PoGOLite
- Website: gluon.particle.kth.se/pogolite/

= PoGOLite =

Gamma-ray observation instrument

PoGOLite (The Popolarised Gamma-ray Observer) is a balloon-borne astroparticle physics experiment which is to measure polarisation in hard X-rays and soft gamma-rays. It is sensitive to photons with an energy range of 25-80 keV. PoGOLite contains 217 phoswich detector cells (PDC) which are surrounded by a ring of side anticoincidence shield (SAS) detectors.

==PoGOLite Pathfinder mission==
The pathfinder instrument containing 61 PDCs and 30 SAS detectors was scheduled to be launched from the Esrange facility in northern Sweden during summer 2011. The flight was to be the first westward circumpolar balloon flight in the northern hemisphere in 20 years and was expected to take 17–25 days.

The main targets of the pathfinder experiment are the Crab Pulsar and the high-mass X-ray binary system Cygnus X-1, which are two of the brightest objects in the energy range of PoGOLite.

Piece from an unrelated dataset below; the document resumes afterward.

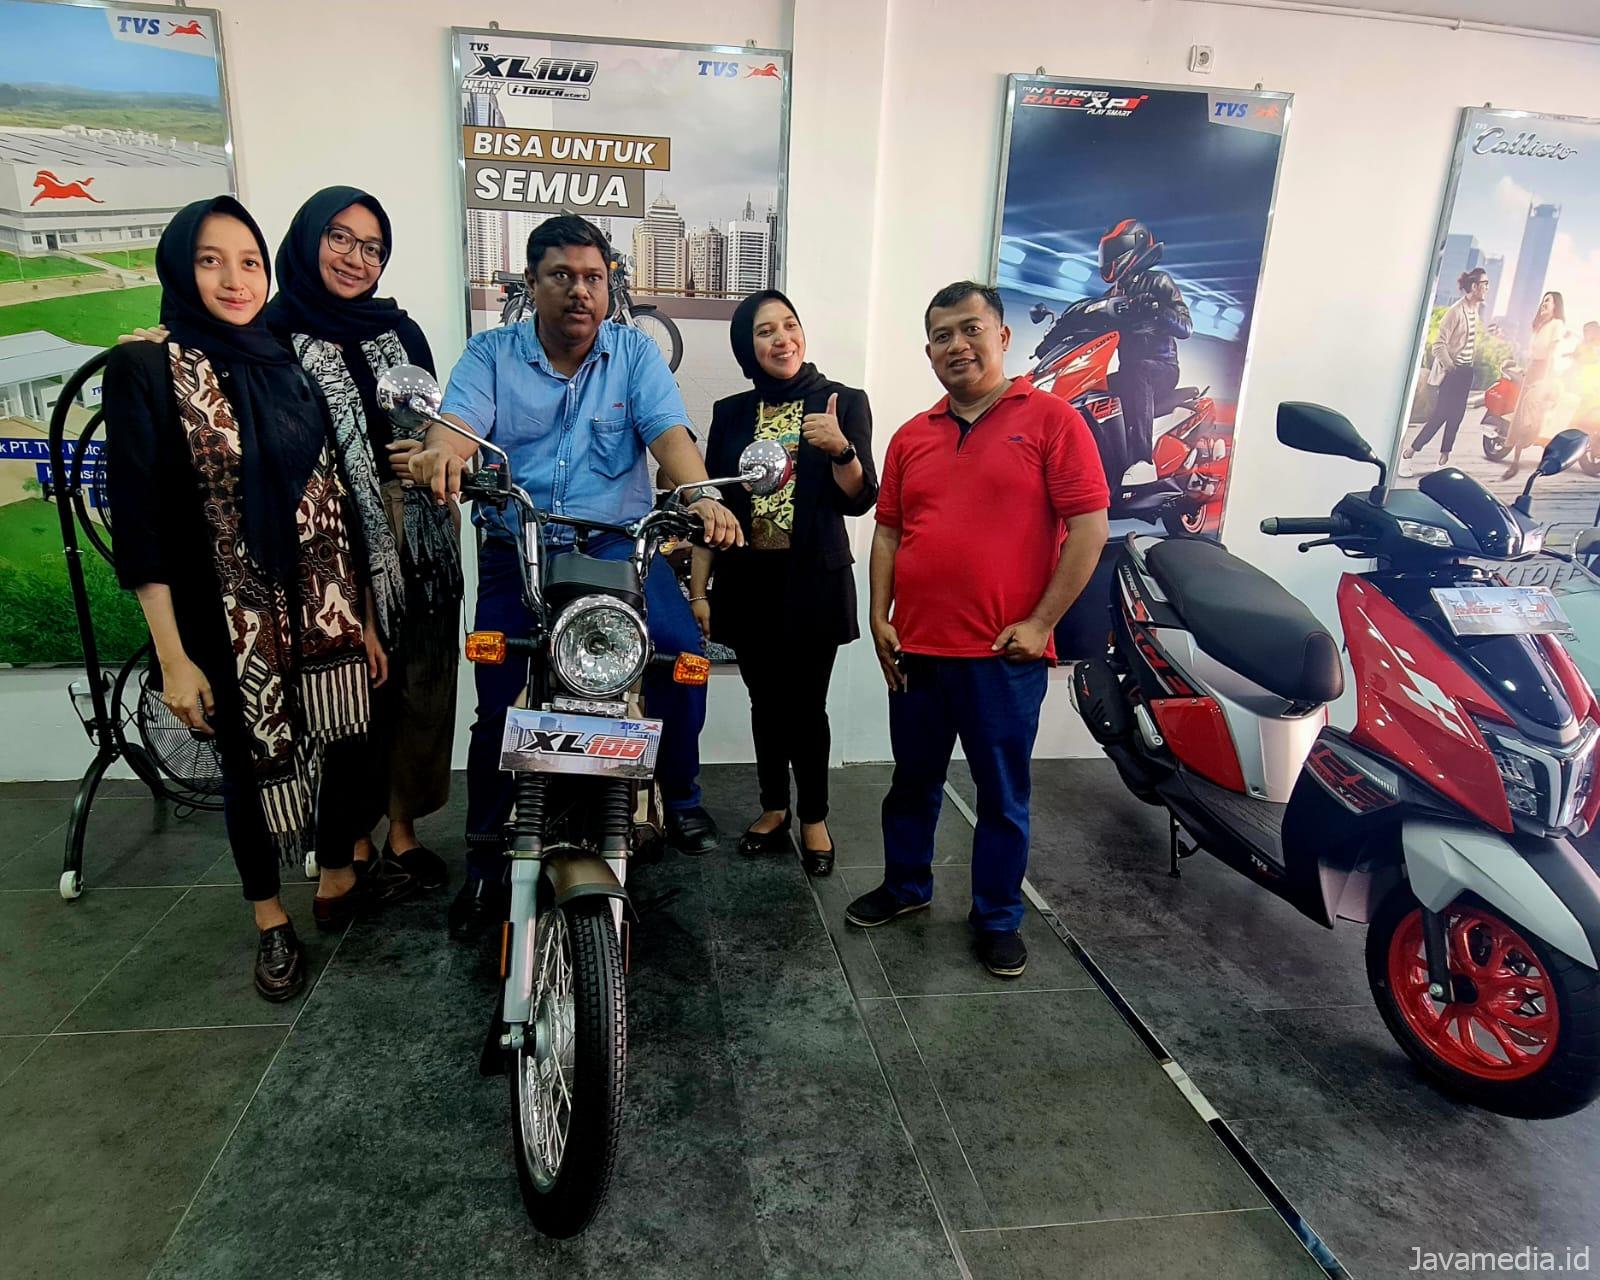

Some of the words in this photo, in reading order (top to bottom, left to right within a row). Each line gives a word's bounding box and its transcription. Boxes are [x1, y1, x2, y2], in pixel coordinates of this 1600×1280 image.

The mission was launched at 1:57 am Thursday 7 July 2011 (23h57 GMT Wednesday 6 July 2011) from Esrange, Sweden. However, it was brought back down by 7:00 am from an altitude of 35 km, because of a helium leak. The payload landed near Nikkaluokta just before the mountains around the Sweden-Norway border where a landing would have caused more potential damage. The payload was returned to the Esrange site on 8 July 2011 after which initial tests showed only minor damage to the payload. A second attempt was scheduled for July 2012 but was cancelled because of bad weather. The mission's third and final attempt is scheduled for July 2013.